Ultra-processed foods are typically high in calories, fat, sugar, salt and low in fiber, vitamins and minerals. Some examples include cereals, candy, cookies, soft drinks, chicken nuggets, hot dogs and fries.

Eating too many of these foods can put a child at risk for obesity, heart disease, stroke and type 2 diabetes. They can also affect a child’s mood and energy levels.

Benden said it’s never too late to improve your child’s diet. However, the earlier they learn what’s healthy, the better off they’ll be.

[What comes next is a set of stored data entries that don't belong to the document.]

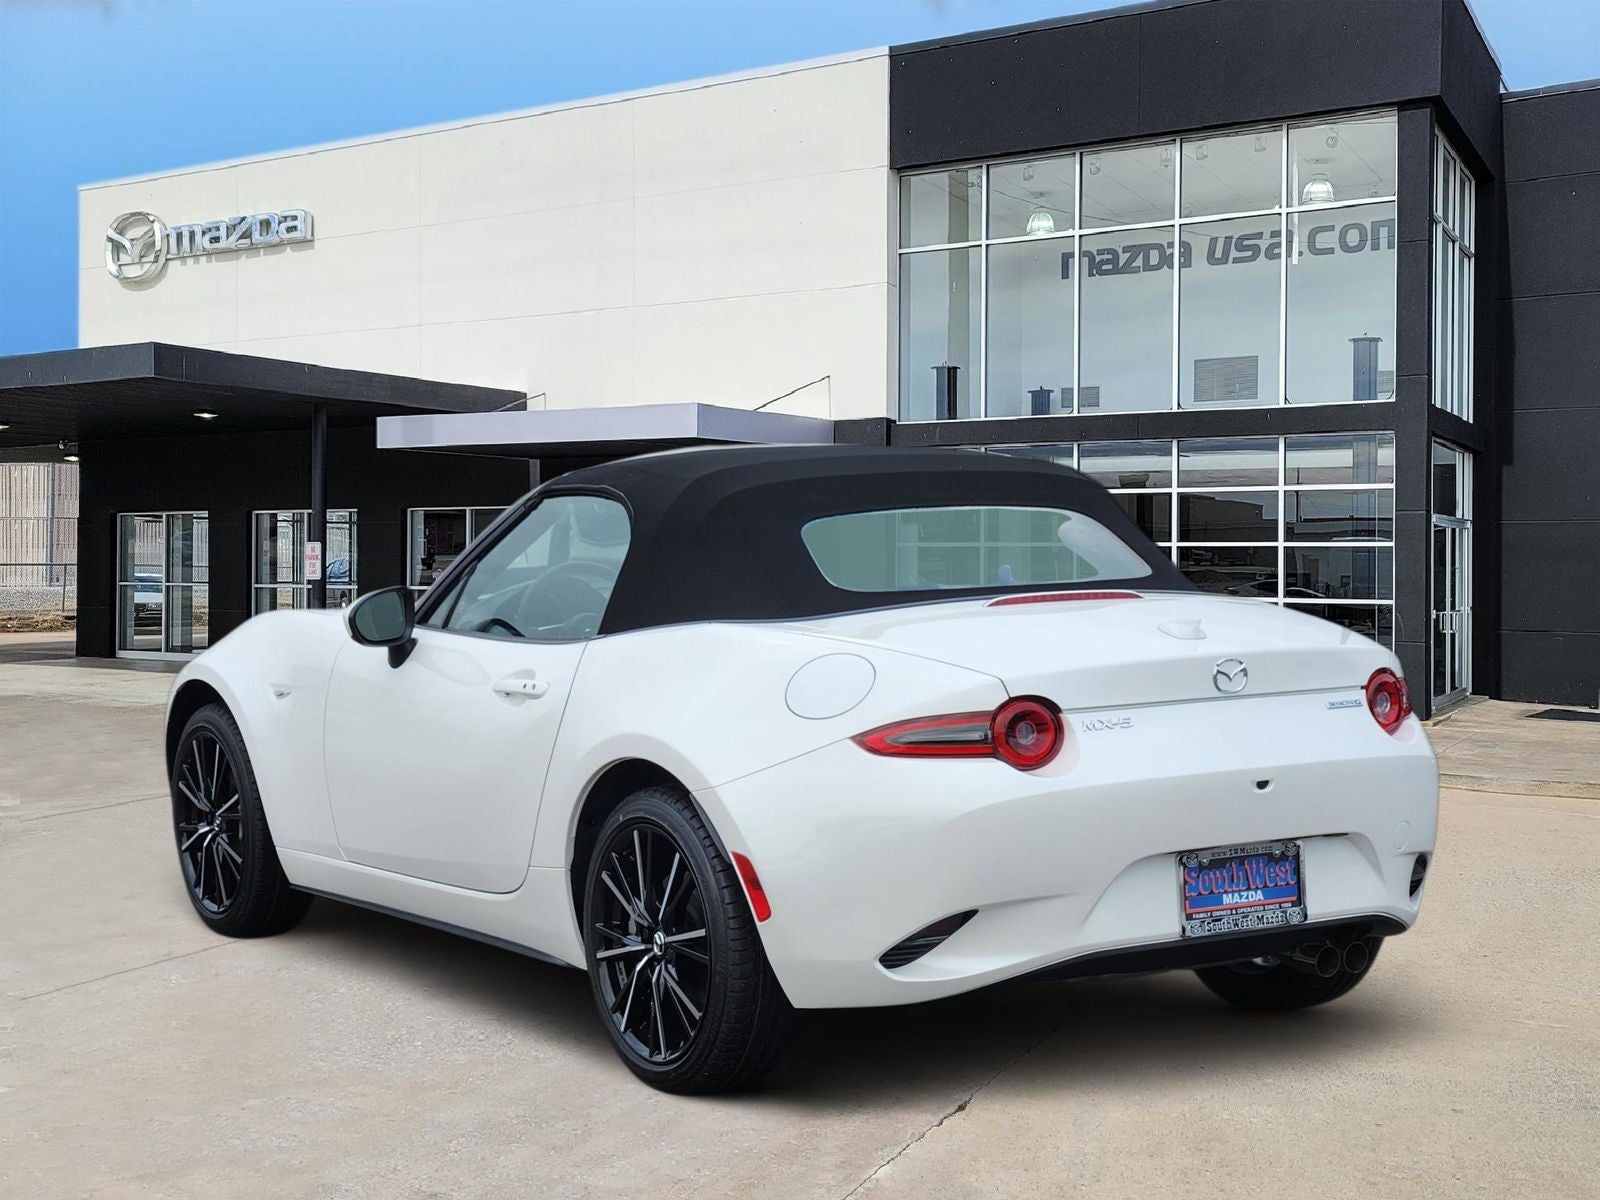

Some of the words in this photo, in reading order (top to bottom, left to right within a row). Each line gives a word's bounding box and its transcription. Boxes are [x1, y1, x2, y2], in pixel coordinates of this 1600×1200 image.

[166, 208, 311, 256] mazda
[1061, 238, 1192, 280] mazda
[1081, 717, 1134, 732] MX-5
[1222, 889, 1264, 905] MAZDA
[1192, 910, 1212, 919] FAMILY
[1212, 908, 1231, 917] OWNED
[1232, 907, 1237, 915] &
[1237, 905, 1264, 914] OPERATED
[1265, 903, 1280, 911] SINCE
[1206, 916, 1254, 933] SouthWest
[1255, 912, 1286, 928] Mazda

“If you have a really busy lifestyle or your kids are really busy and cooking from scratch is really hard, sometimes picking foods that are convenient but not as processed might work,” she noted. “You can pick things that are frozen, frozen chicken breasts and cook those, sometimes things that are canned. They’re OK. Just make sure they’re low-sodium if you can.”

And while food is a big part of a child’s health, so is physical activity. Benden said it’s especially important for kids who are learning from home and aren’t getting a lot of movement in their day.